Additions to the method Careful DNA quantification before fragmentation and checking for degraded DNA. Use of low absorbing plastic ware (Linnarsson 2010), e.g Beckman Coulter non stick or equivalent. Also advise to add some detergent (e.g. 0.02% Tween-20) to reduce absorption to tube walls. The implementation of SPRI XP beads for all purification steps. The use of the bioanalyser to check concentration and size distribution after fragmentation. Cheaper alternatives to illumina kits, e.g. NEB kits, making own adapters and primers.

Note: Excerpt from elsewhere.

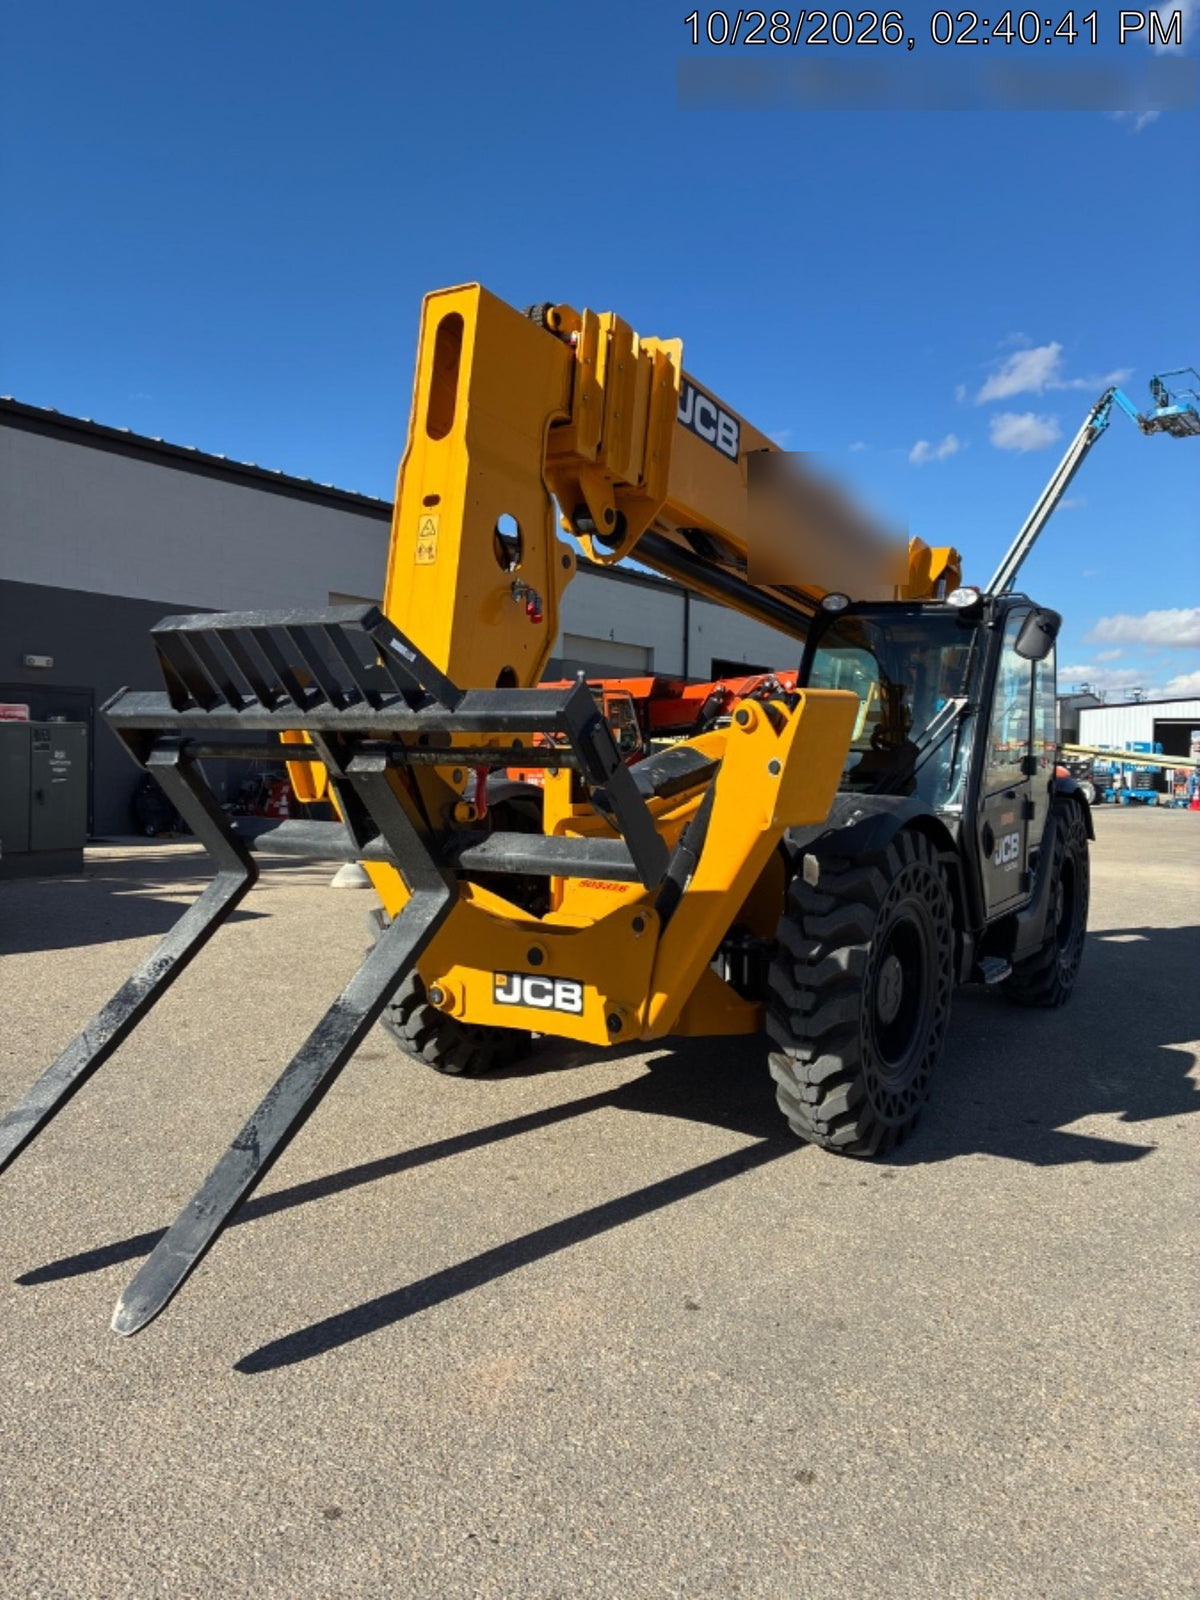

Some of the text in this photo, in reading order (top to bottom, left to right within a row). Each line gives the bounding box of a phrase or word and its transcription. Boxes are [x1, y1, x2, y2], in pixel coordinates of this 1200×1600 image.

[677, 385, 739, 458] JCB
[995, 832, 1020, 866] JCB
[495, 973, 583, 1013] JCB
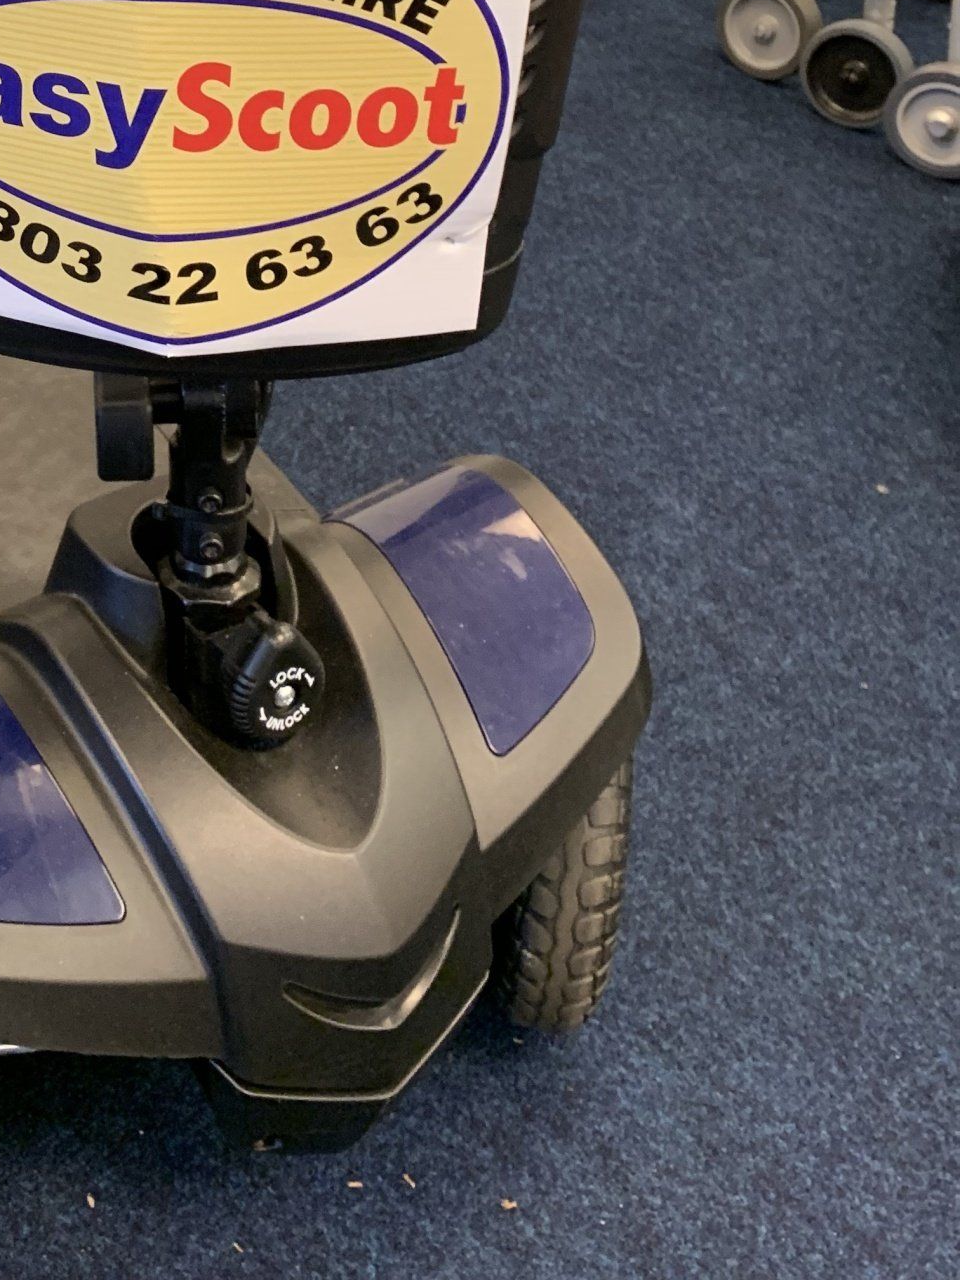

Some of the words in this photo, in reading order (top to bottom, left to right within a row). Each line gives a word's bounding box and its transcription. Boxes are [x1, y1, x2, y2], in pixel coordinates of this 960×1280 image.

Conclusion The Genome Analyzer is a powerful sequencing technology, Here the authors describe a number of modifications that allow for more efficient library preparation, and which enable a stable workflow in a production environment. At the Sanger Institute, they have several teams for every stage of sequencing. All steps in the process are recorded using custom-written lab- tracking and run-tracking database software. Combined with improvements to the image analysis software and a faster run time, they predicted that by Christmas 2008, their output will reach 6-10 terabases of high-quality sequence per year - equivalent to 180 human genomes at 15-fold coverage, or approximately 200,000 bases per second. The improved workflow and high yield should maintain the Genome Analyzer as their next-generation sequencing platform of choice for the immediate future. But how long this remains true depends upon the performance of existing rival technologies, and those that are on the horizon. For example Oxford Nanopore Technologies, and Pacific Biosciences Single Molecule Real Time technology which promise to bring us closer to the eagerly anticipated $1,000 genome.